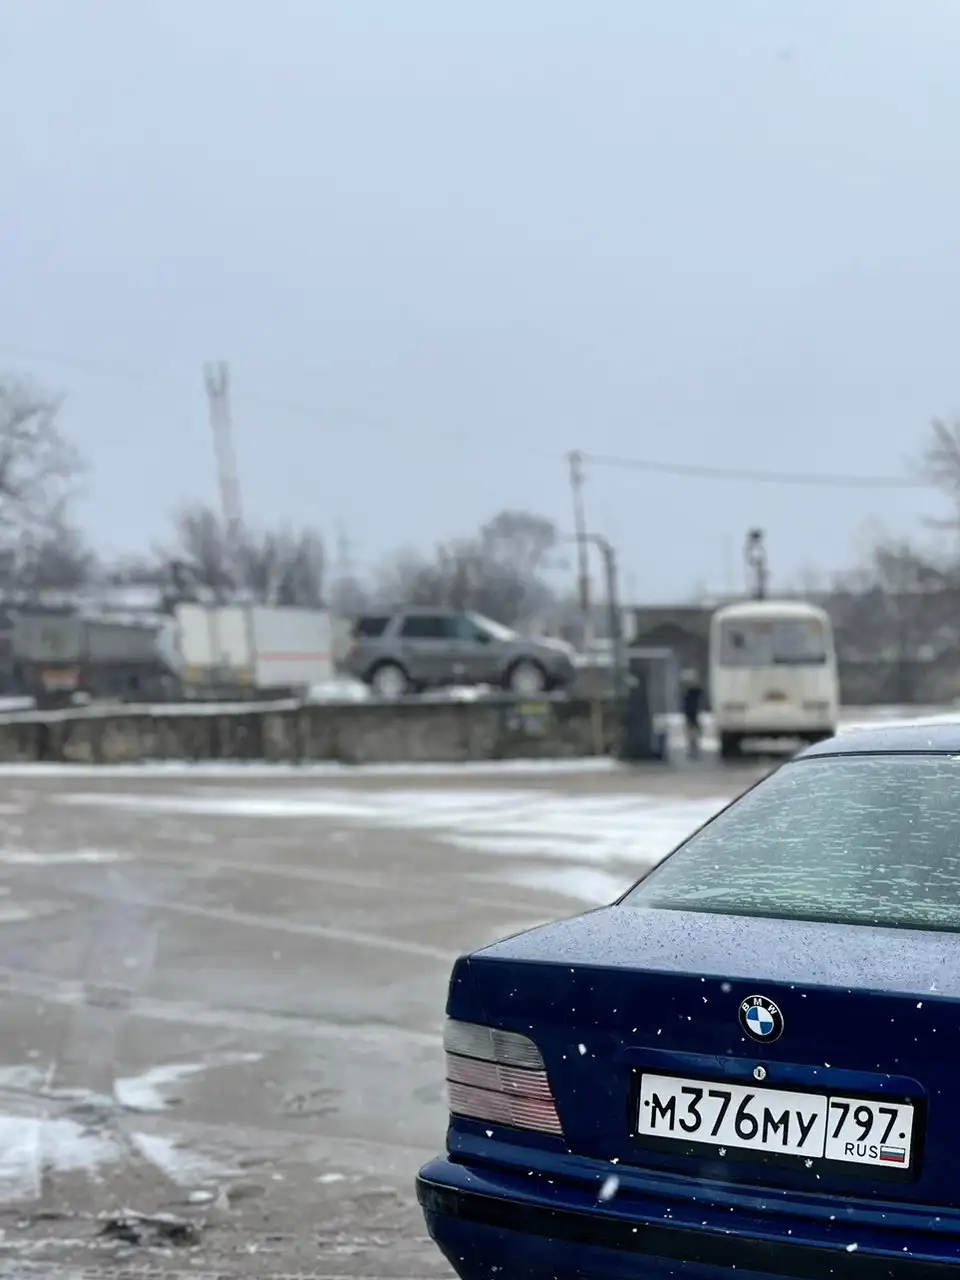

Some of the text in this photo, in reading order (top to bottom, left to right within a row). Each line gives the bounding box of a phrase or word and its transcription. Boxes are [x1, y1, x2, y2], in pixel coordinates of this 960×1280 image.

[742, 997, 777, 1015] BMW
[831, 1102, 898, 1144] 797
[844, 1142, 878, 1159] RUS
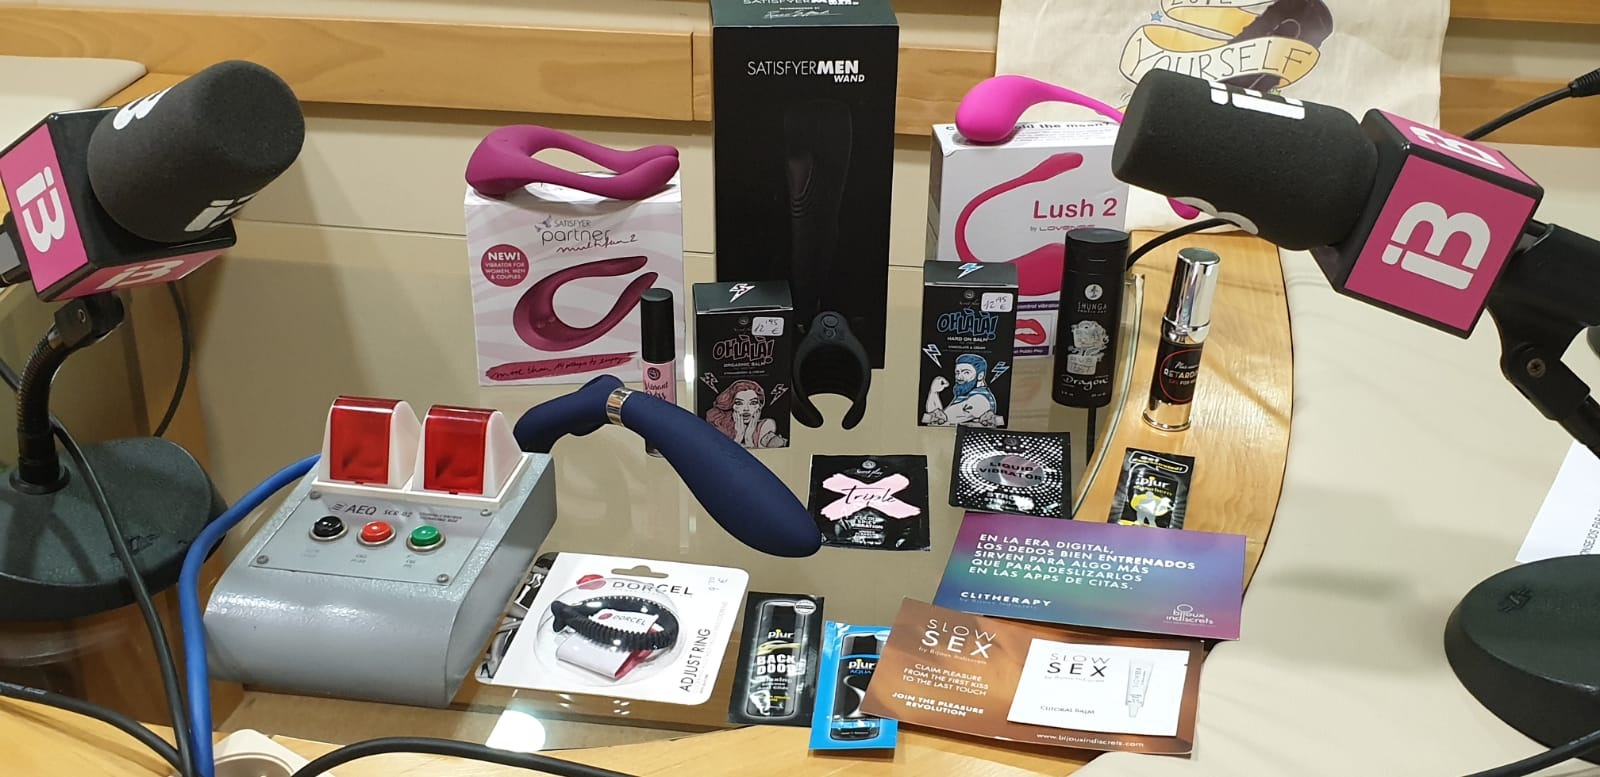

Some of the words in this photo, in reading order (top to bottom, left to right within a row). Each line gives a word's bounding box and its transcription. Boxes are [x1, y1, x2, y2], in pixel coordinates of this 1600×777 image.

[1129, 38, 1313, 83] YOURSELF
[833, 75, 865, 83] WAND
[1033, 198, 1094, 219] Lush
[1102, 197, 1118, 217] 2
[553, 218, 593, 228] SATISFYER
[541, 229, 612, 246] partner
[488, 251, 521, 261] NEW!
[1061, 374, 1110, 392] Dragon
[979, 467, 1042, 481] VIBRATOR
[989, 462, 1034, 472] LIQUID
[344, 504, 377, 516] AEQ
[979, 533, 998, 542] EN
[1003, 536, 1019, 545] LA
[1025, 538, 1050, 547] ERA
[1056, 541, 1115, 554] DIGITAL,
[974, 550, 1024, 562] SIRVEN
[1029, 556, 1065, 566] PARA
[1071, 560, 1111, 570] ALGO
[1117, 564, 1149, 574] MÁS
[977, 542, 1003, 551] LOS
[1008, 545, 1055, 556] DEDOS
[1060, 550, 1093, 560] BIEN
[1098, 554, 1196, 570] ENTRENADOS
[969, 566, 988, 575] EN
[993, 569, 1018, 578] LAS
[1023, 573, 1059, 582] APPS
[1065, 576, 1083, 585] DE
[1088, 579, 1134, 590] CITAS.
[971, 558, 1000, 568] QUE
[1006, 562, 1042, 572] PARA
[1048, 566, 1143, 582] DESLIZARLOS
[612, 581, 694, 596] DORCEL
[960, 591, 1052, 607] CLITHERAPY
[612, 614, 647, 626] DORCEL
[767, 628, 795, 639] pjur
[927, 618, 997, 642] SLOW
[921, 630, 993, 659] SEX
[678, 653, 702, 693] ADJUST
[691, 628, 711, 653] RING
[756, 653, 796, 666] BACK
[848, 658, 876, 670] pjur
[914, 663, 942, 673] CLAIM
[942, 669, 983, 682] PLEASURE
[1047, 661, 1108, 678] SEX
[902, 674, 914, 682] TO
[916, 678, 933, 686] THE
[933, 680, 954, 690] LAST
[955, 685, 987, 696] TOUCH
[903, 667, 929, 678] FROM
[931, 674, 946, 682] THE
[947, 677, 971, 686] FIRST
[971, 682, 989, 690] KISS
[892, 692, 916, 701] JOIN
[918, 697, 936, 705] THE
[937, 700, 985, 714] PLEASURE
[905, 701, 967, 717] REVOLUTION
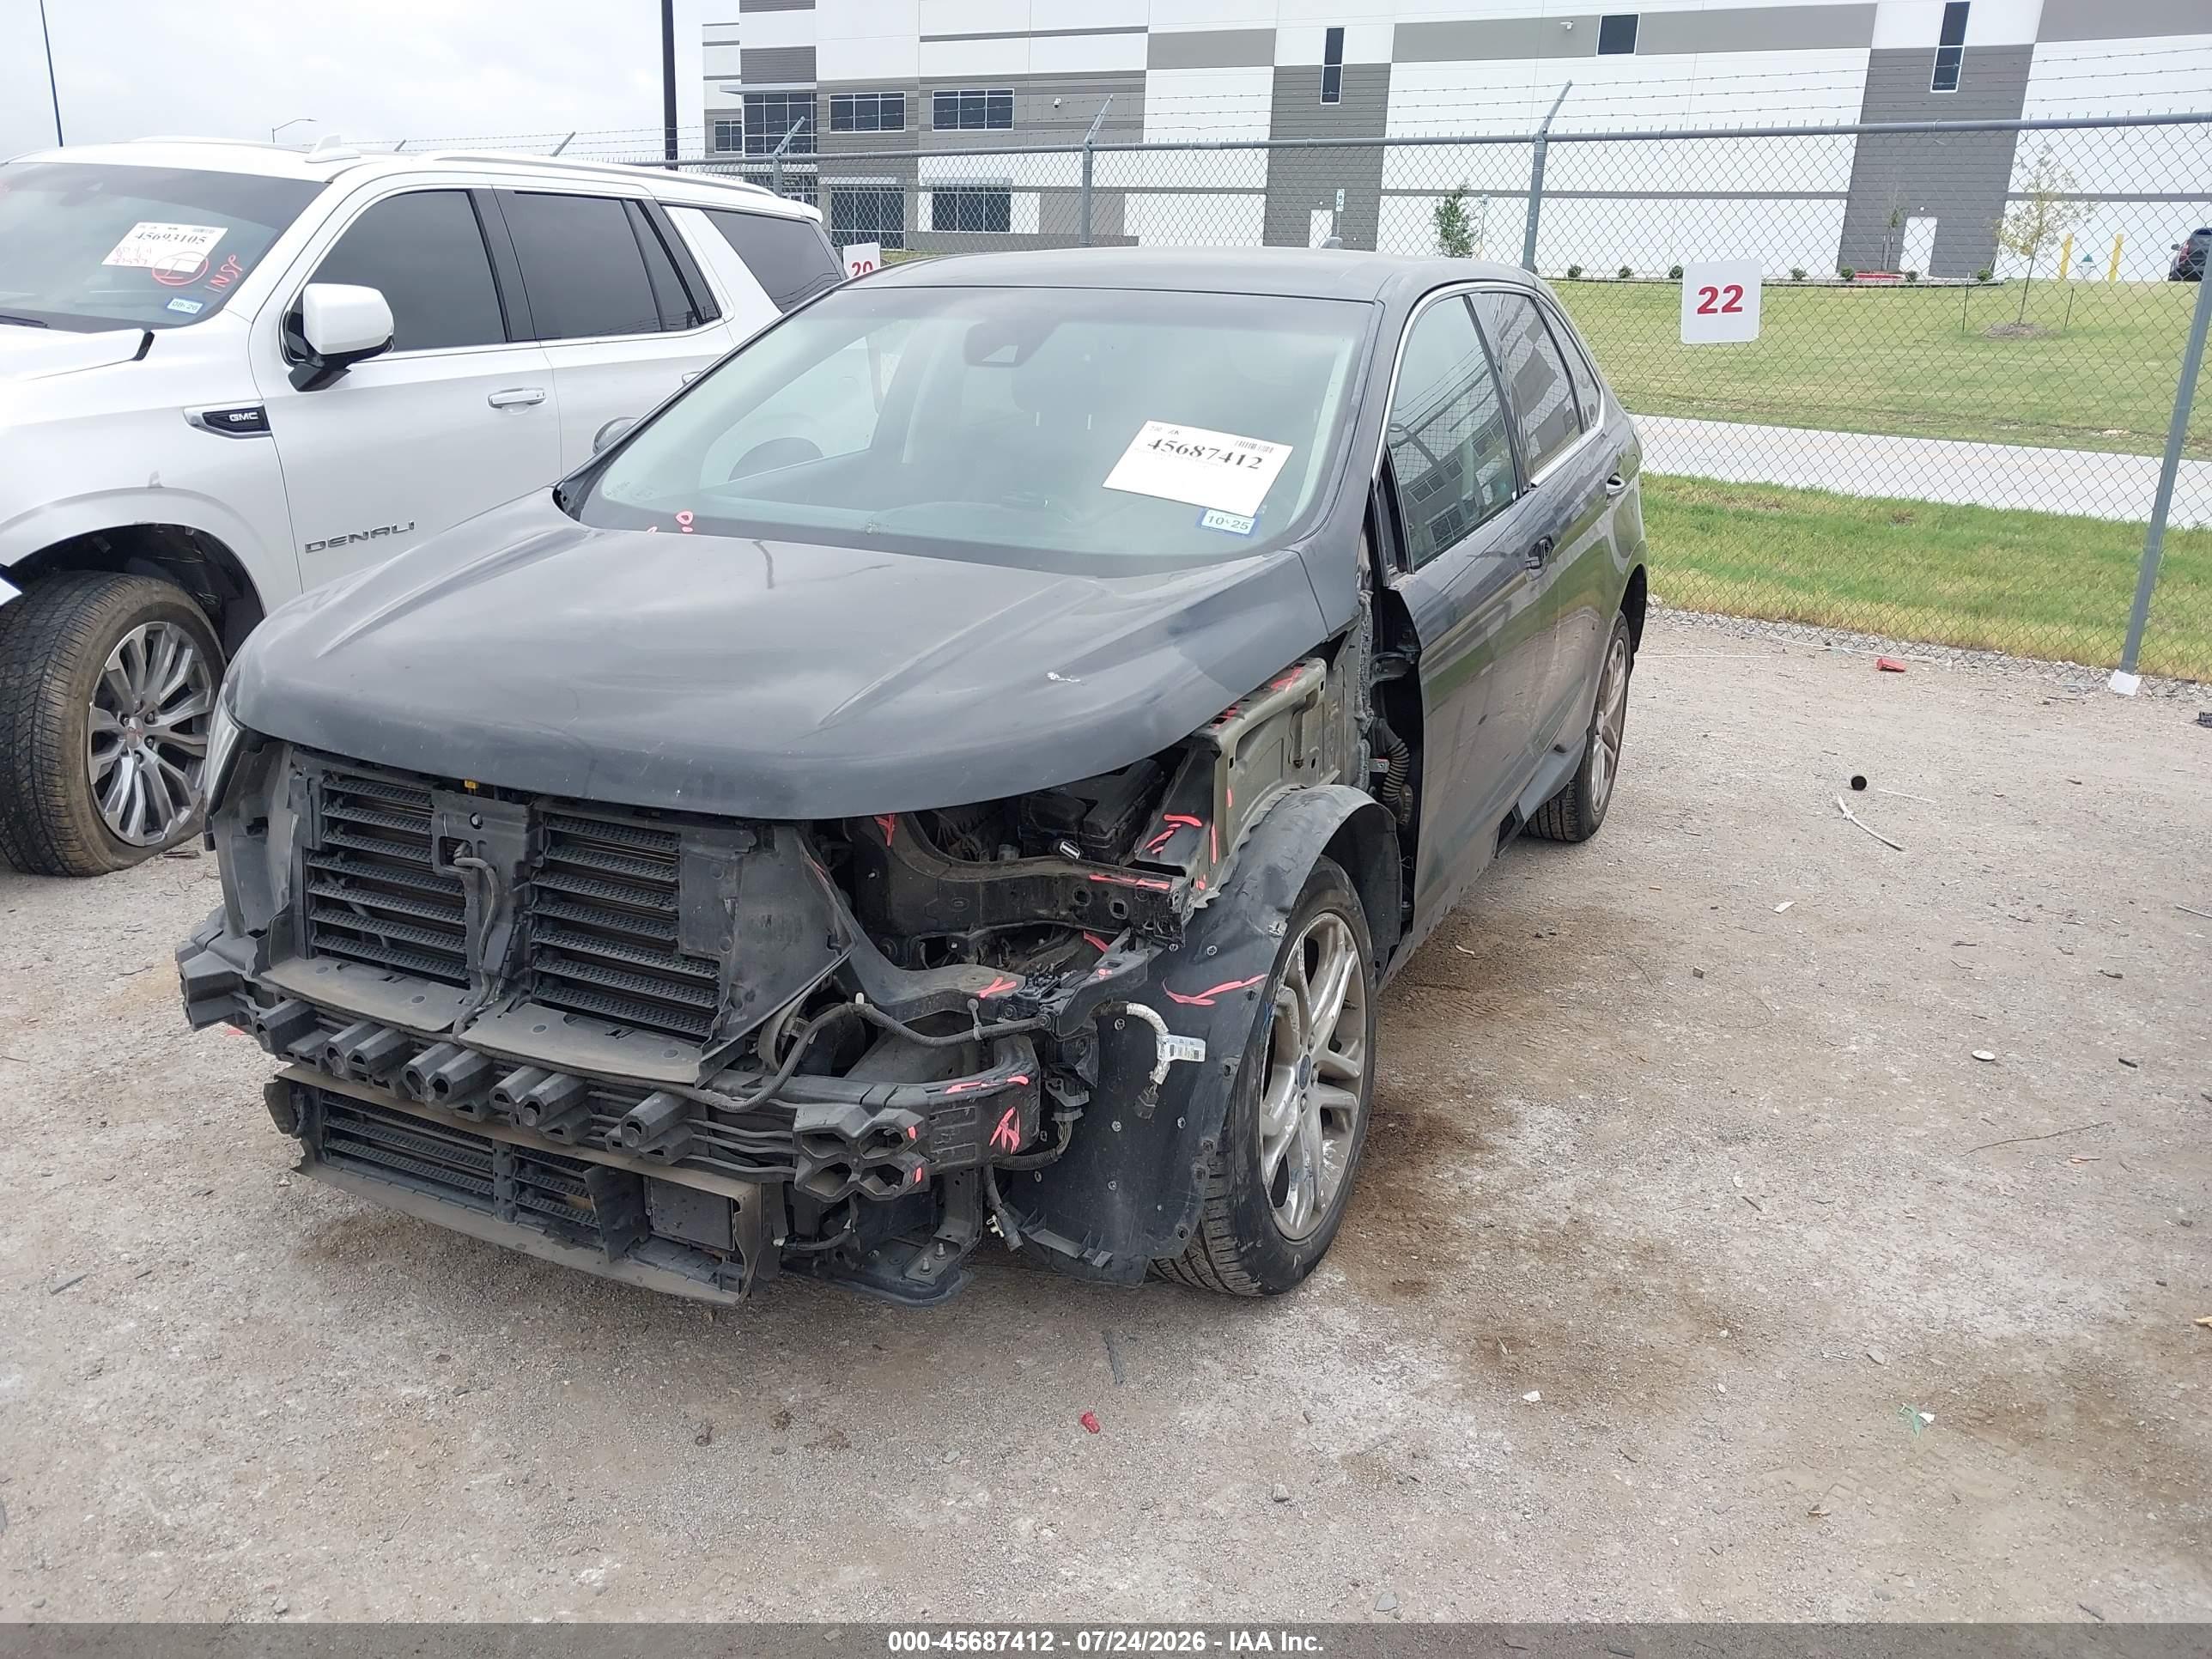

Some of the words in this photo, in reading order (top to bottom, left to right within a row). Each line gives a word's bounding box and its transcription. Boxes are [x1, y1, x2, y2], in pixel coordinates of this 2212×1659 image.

§ What this task involves
Once the images are set aside, retype all of the material above exactly.

§ Response box
Some of the text in this photo, in reading order (top to bottom, left to right within a row). Each line gives the bounding box of a phrase or word and its transcription. Boxes are [x1, y1, x2, y2], in pixel coordinates of this 960×1280 image.

[742, 997, 777, 1015] BMW
[831, 1102, 898, 1144] 797
[844, 1142, 878, 1159] RUS

Some of the words in this photo, in reading order (top to bottom, left to right within a row). Each line gives a word's bounding box and its transcription. Boxes are [x1, y1, x2, y2], in pixel coordinates of this 1600×777 image.

[1129, 38, 1313, 83] YOURSELF
[833, 75, 865, 83] WAND
[1033, 198, 1094, 219] Lush
[1102, 197, 1118, 217] 2
[553, 218, 593, 228] SATISFYER
[541, 229, 612, 246] partner
[488, 251, 521, 261] NEW!
[1061, 374, 1110, 392] Dragon
[979, 467, 1042, 481] VIBRATOR
[989, 462, 1034, 472] LIQUID
[344, 504, 377, 516] AEQ
[979, 533, 998, 542] EN
[1003, 536, 1019, 545] LA
[1025, 538, 1050, 547] ERA
[1056, 541, 1115, 554] DIGITAL,
[974, 550, 1024, 562] SIRVEN
[1029, 556, 1065, 566] PARA
[1071, 560, 1111, 570] ALGO
[1117, 564, 1149, 574] MÁS
[977, 542, 1003, 551] LOS
[1008, 545, 1055, 556] DEDOS
[1060, 550, 1093, 560] BIEN
[1098, 554, 1196, 570] ENTRENADOS
[969, 566, 988, 575] EN
[993, 569, 1018, 578] LAS
[1023, 573, 1059, 582] APPS
[1065, 576, 1083, 585] DE
[1088, 579, 1134, 590] CITAS.
[971, 558, 1000, 568] QUE
[1006, 562, 1042, 572] PARA
[1048, 566, 1143, 582] DESLIZARLOS
[612, 581, 694, 596] DORCEL
[960, 591, 1052, 607] CLITHERAPY
[612, 614, 647, 626] DORCEL
[767, 628, 795, 639] pjur
[927, 618, 997, 642] SLOW
[921, 630, 993, 659] SEX
[678, 653, 702, 693] ADJUST
[691, 628, 711, 653] RING
[756, 653, 796, 666] BACK
[848, 658, 876, 670] pjur
[914, 663, 942, 673] CLAIM
[942, 669, 983, 682] PLEASURE
[1047, 661, 1108, 678] SEX
[902, 674, 914, 682] TO
[916, 678, 933, 686] THE
[933, 680, 954, 690] LAST
[955, 685, 987, 696] TOUCH
[903, 667, 929, 678] FROM
[931, 674, 946, 682] THE
[947, 677, 971, 686] FIRST
[971, 682, 989, 690] KISS
[892, 692, 916, 701] JOIN
[918, 697, 936, 705] THE
[937, 700, 985, 714] PLEASURE
[905, 701, 967, 717] REVOLUTION

Some of the words in this photo, in reading order (top to bottom, left to right within a row). Each line gives a word's bounding box and its transcription. Boxes are [x1, y1, x2, y2], in pixel coordinates of this 2212×1659 image.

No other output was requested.